Smoky Bison Burgers are the kind of recipe that earns a permanent place in your Memorial Day rotation. Bison brings something beef simply can’t replicate: a deeper, cleaner richness with a natural sweetness that takes on smoke with remarkable grace. Over the steady, even heat of a Summerset grill, each patty develops a dark, crackling crust while the interior stays tender and full of that distinctly earthy flavor that makes this meat worth seeking out.
Smoked paprika and a touch of chipotle season the meat, threading warmth into every bite without overpowering it. A well-built burger is, at its core, a study in balance, and here, smoky depth meets a cooling finish of creamy, herb-laced toppings that pull the whole plate together. Bison runs lean, so the grill’s consistent heat becomes the deciding factor between something forgettable and something extraordinary.

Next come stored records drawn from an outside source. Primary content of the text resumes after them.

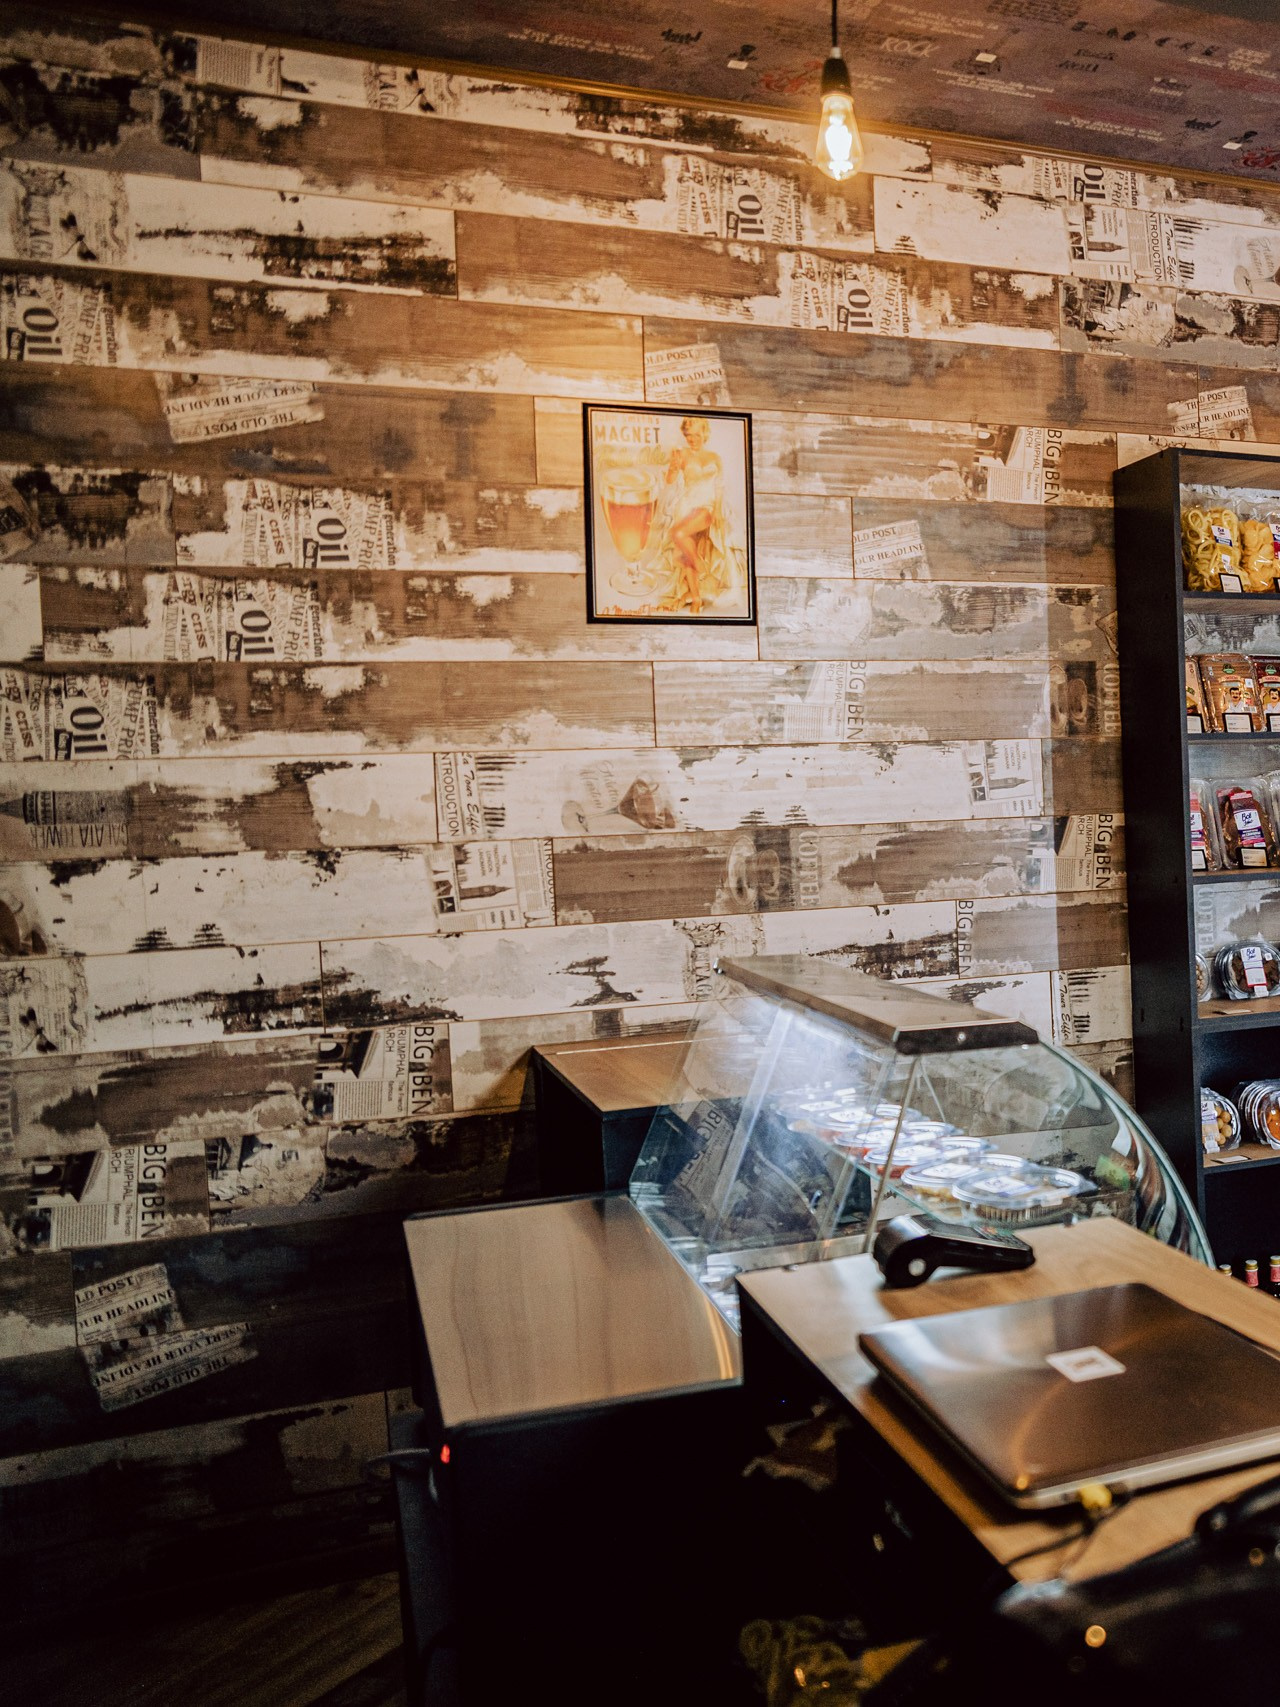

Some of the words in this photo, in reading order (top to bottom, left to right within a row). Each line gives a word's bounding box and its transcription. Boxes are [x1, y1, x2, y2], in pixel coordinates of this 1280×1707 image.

[738, 194, 764, 235] Oil
[848, 288, 874, 328] Oil
[23, 307, 63, 356] Oil
[666, 349, 694, 361] POST
[1207, 390, 1228, 402] POST
[203, 423, 238, 436] POST
[241, 418, 268, 431] OLD
[270, 411, 297, 426] THE
[1211, 407, 1251, 422] HEADLINE
[594, 425, 661, 444] MAGNET
[1045, 428, 1062, 458] BIG
[1044, 470, 1060, 505] BEN
[317, 518, 349, 563] Oil
[872, 526, 896, 540] POST
[877, 543, 926, 560] HEADLINE
[240, 609, 275, 655] Oil
[849, 661, 866, 691] BIG
[70, 706, 108, 754] Oil
[847, 703, 864, 740] BEN
[441, 753, 459, 837] NTRODUCTION
[1096, 814, 1113, 848] BIG
[1095, 858, 1112, 889] BEN
[958, 900, 974, 932] BIG
[956, 943, 972, 976] BEN
[413, 1026, 434, 1059] BIG
[411, 1075, 433, 1115] BEN
[143, 1144, 167, 1187] BIG
[140, 1195, 165, 1239] BEN
[98, 1276, 135, 1297] POST
[106, 1288, 176, 1322] HEADLINE
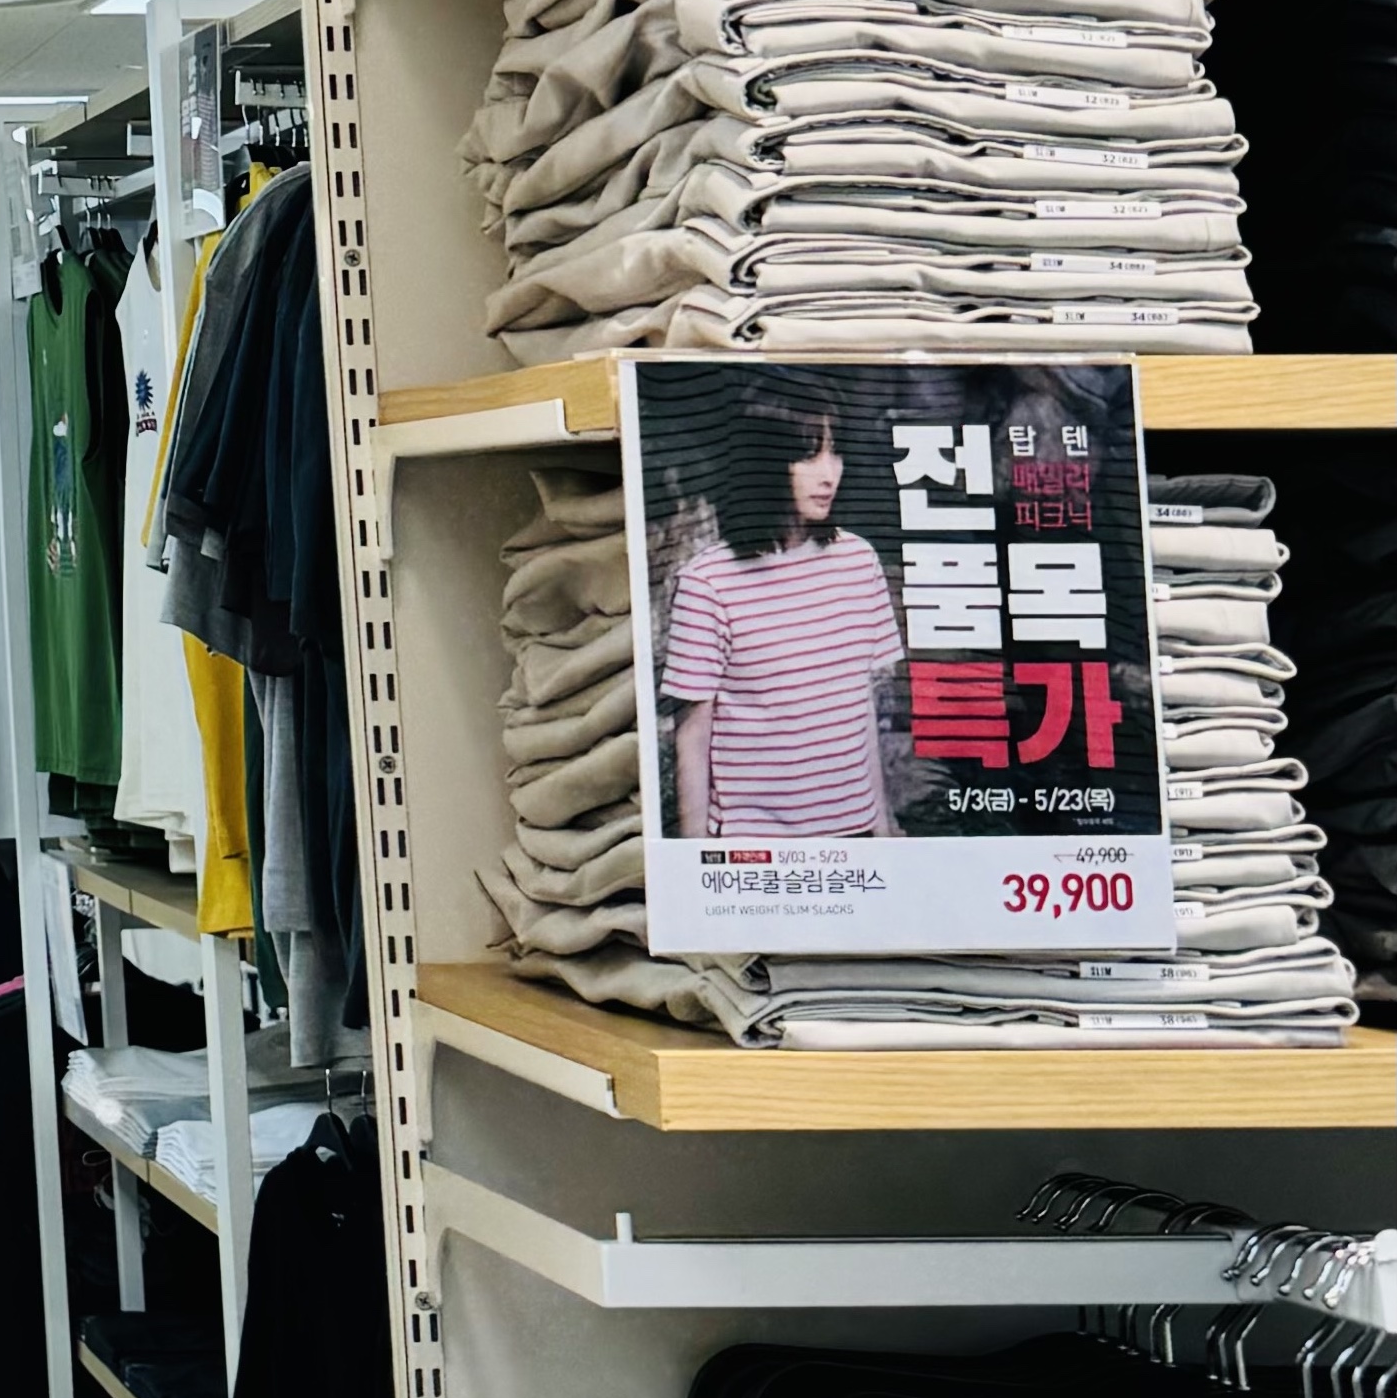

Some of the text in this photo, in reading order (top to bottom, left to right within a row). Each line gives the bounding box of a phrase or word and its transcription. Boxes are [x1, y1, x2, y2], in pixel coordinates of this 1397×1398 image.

Memorial Day calls for a table worth gathering around. These burgers reward that occasion: set out all your toppings, let the grill do what it does best, and let the aroma draw everyone in from around the yard. The first sizzle as the patties hit the grates signals that the season has officially begun. Serve them stacked high, with your choice of a sharp aged cheese melting over the top and a smoky chipotle spread brushed across a toasted brioche bun. Open skies, good company, and a Summerset running at full heat: this is exactly where a long weekend should begin.
Serves 8
Smoky Bison Burgers Ingredients
- 4 teaspoons chili powder
- 2 teaspoons ground coffee
- 2 teaspoons light brown sugar
- 4 teaspoons kosher salt, divided
- 3 pounds ground bison
- 8 thick-cut peppered bacon slices
- 8 pepper Jack or smoked Gouda cheese slices
- ½ cup Stubb’s Original barbecue sauce
- 8 pretzel hamburger buns, split and toasted
- ½ cup crispy fried onions
- 6 tablespoons jarred candied jalapeños (optional)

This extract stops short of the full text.